For the entries that appear below, write out the exact text and omit the pictures.

_ _ _

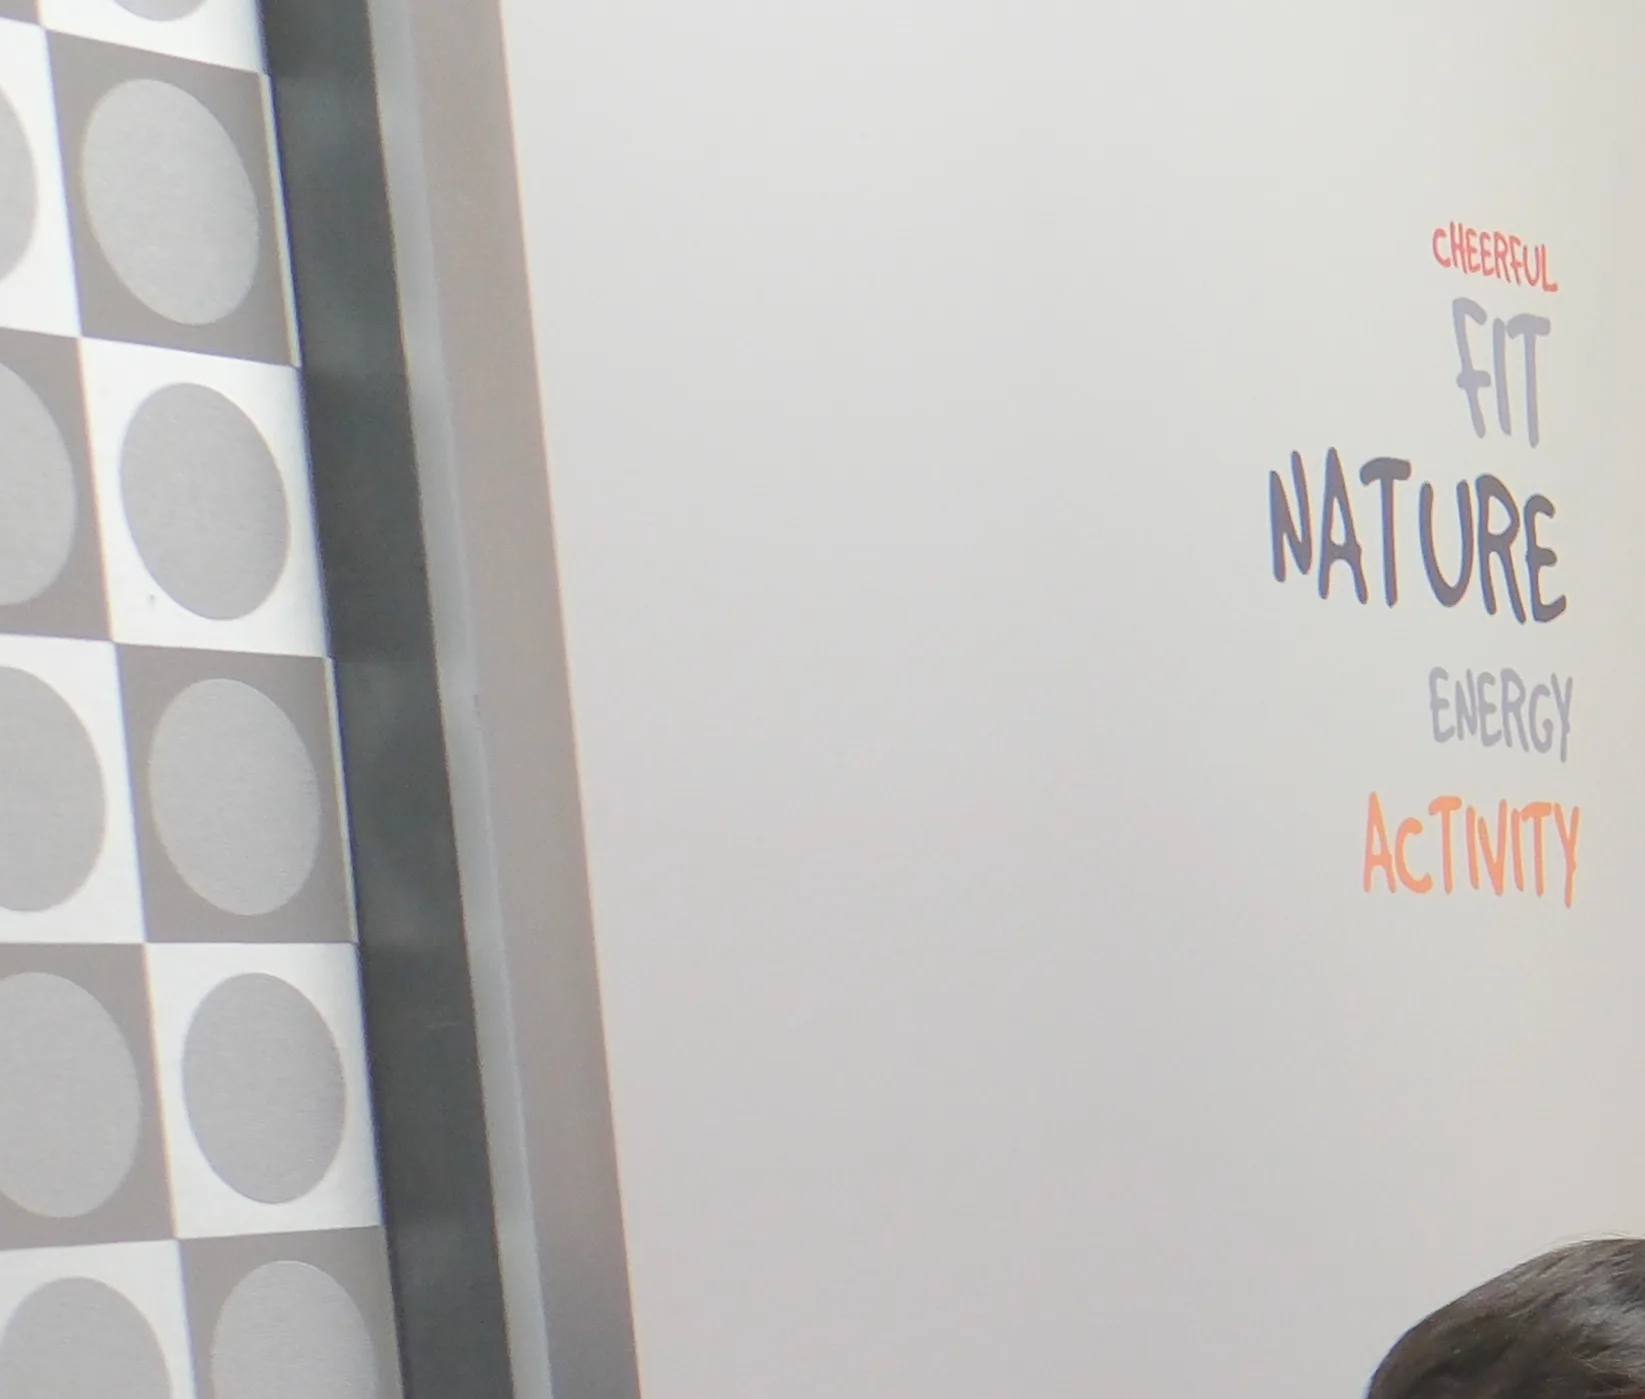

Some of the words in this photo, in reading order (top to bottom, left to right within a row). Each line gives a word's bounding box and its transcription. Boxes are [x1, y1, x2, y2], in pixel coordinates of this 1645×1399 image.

[1432, 221, 1559, 292] CHEERFUL
[1451, 297, 1552, 448] FIT
[1268, 446, 1568, 625] NATURE
[1428, 665, 1574, 764] ENERGY
[1362, 791, 1580, 908] ACTIVITY
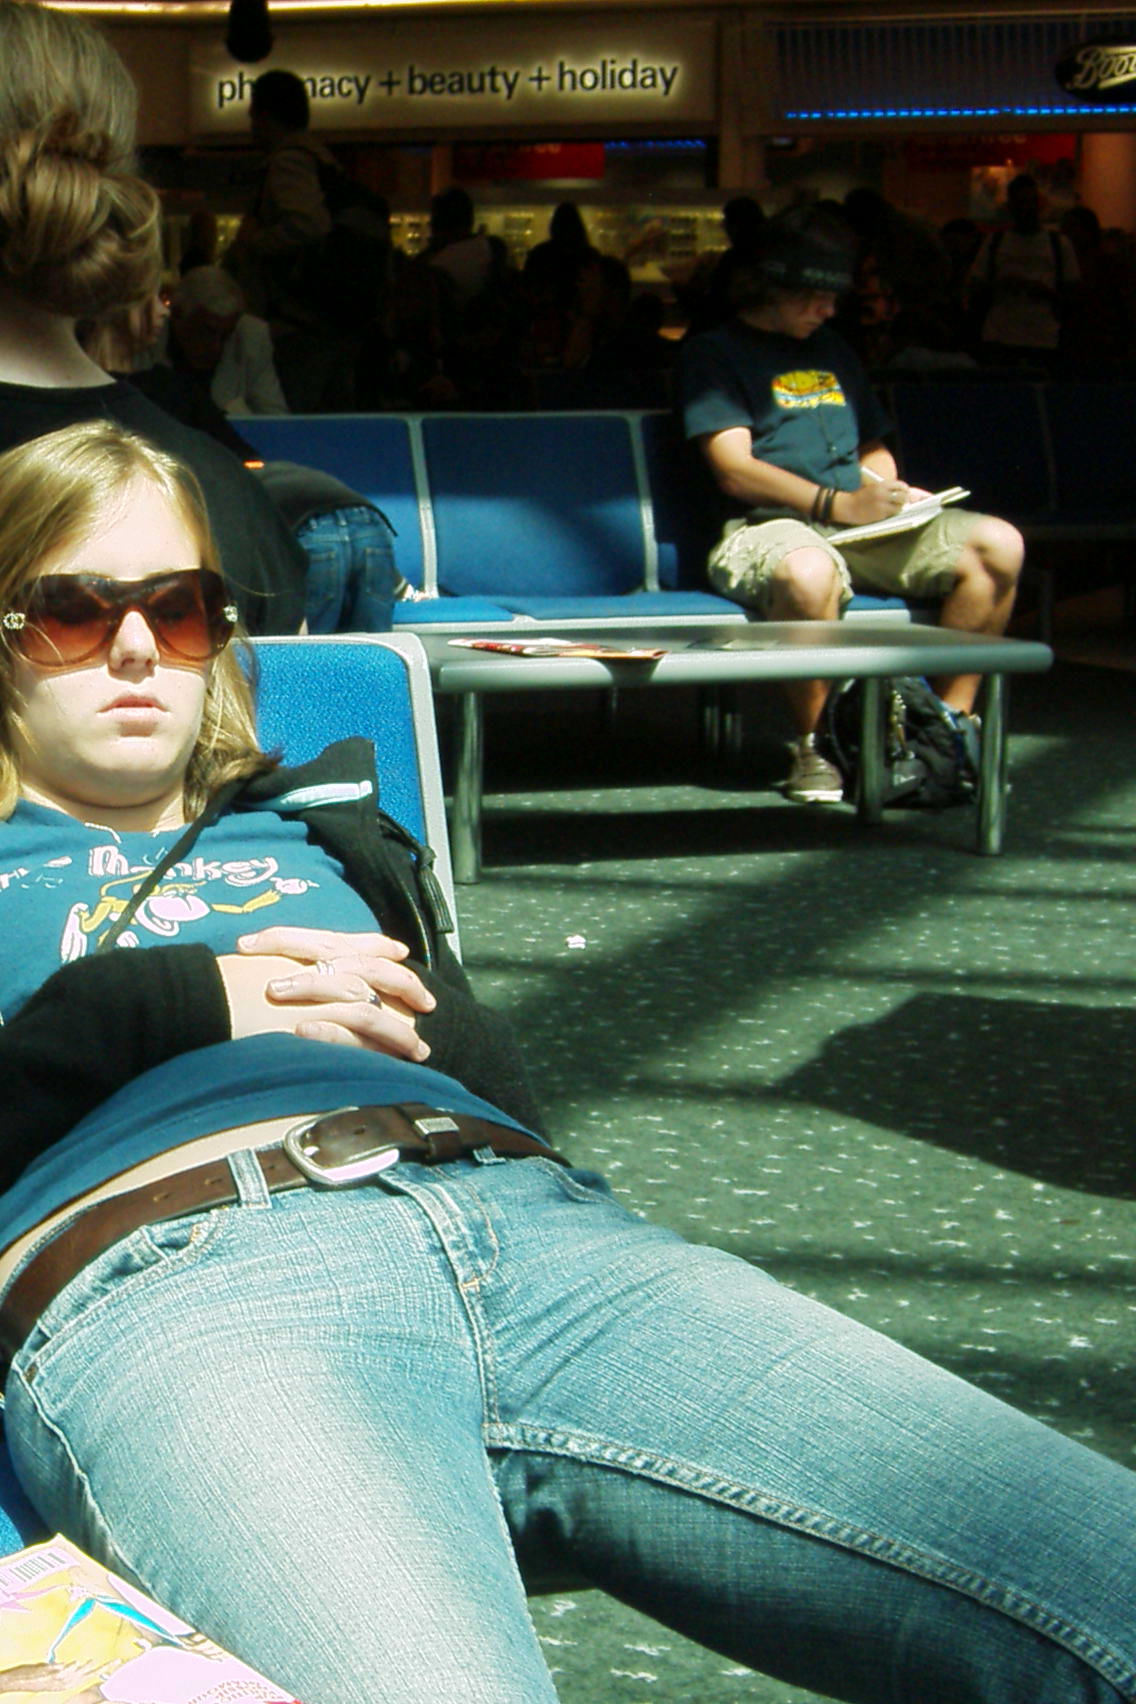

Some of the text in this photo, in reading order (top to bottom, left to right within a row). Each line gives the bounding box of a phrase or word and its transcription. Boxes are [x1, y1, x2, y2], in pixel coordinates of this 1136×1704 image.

[217, 70, 371, 109] phacy
[407, 64, 520, 100] beauty
[558, 58, 679, 96] holiday
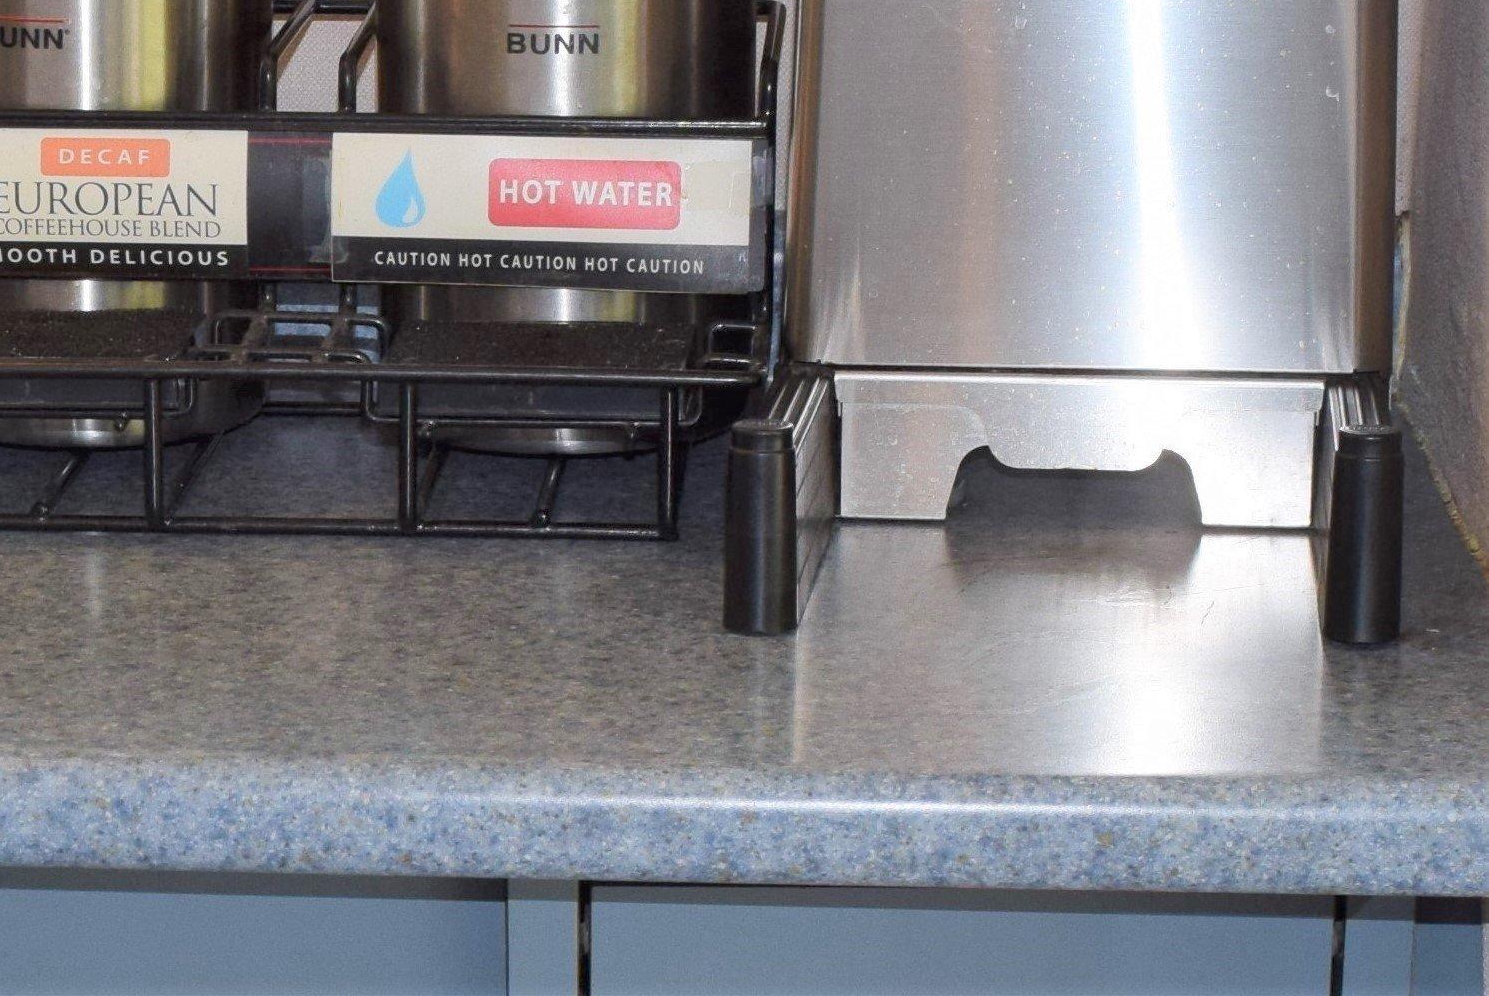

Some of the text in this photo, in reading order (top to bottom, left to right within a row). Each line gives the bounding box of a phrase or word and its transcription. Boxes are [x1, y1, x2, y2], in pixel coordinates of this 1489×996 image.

_ _ _

▶ [Solution for this exercise]:
Some of the words in this photo, in reading order (top to bottom, left to right within a row). Each line gives a word's bounding box and its transcription. Boxes are [x1, y1, x2, y2], in pixel coordinates of this 1645×1399 image.

[1432, 221, 1559, 292] CHEERFUL
[1451, 297, 1552, 448] FIT
[1268, 446, 1568, 625] NATURE
[1428, 665, 1574, 764] ENERGY
[1362, 791, 1580, 908] ACTIVITY

Some of the text in this photo, in reading order (top to bottom, left to right within a row). Each line gives the bounding box of a phrase or word and its transcription. Boxes are [x1, y1, x2, y2], in pixel coordinates of this 1136×1704 image.

[217, 70, 371, 109] phacy
[407, 64, 520, 100] beauty
[558, 58, 679, 96] holiday

Some of the text in this photo, in reading order (top to bottom, left to right within a row). Each line gives the bounding box of a phrase or word and its transcription. Boxes are [x1, y1, x2, y2], in pixel coordinates of this 1489×996 image.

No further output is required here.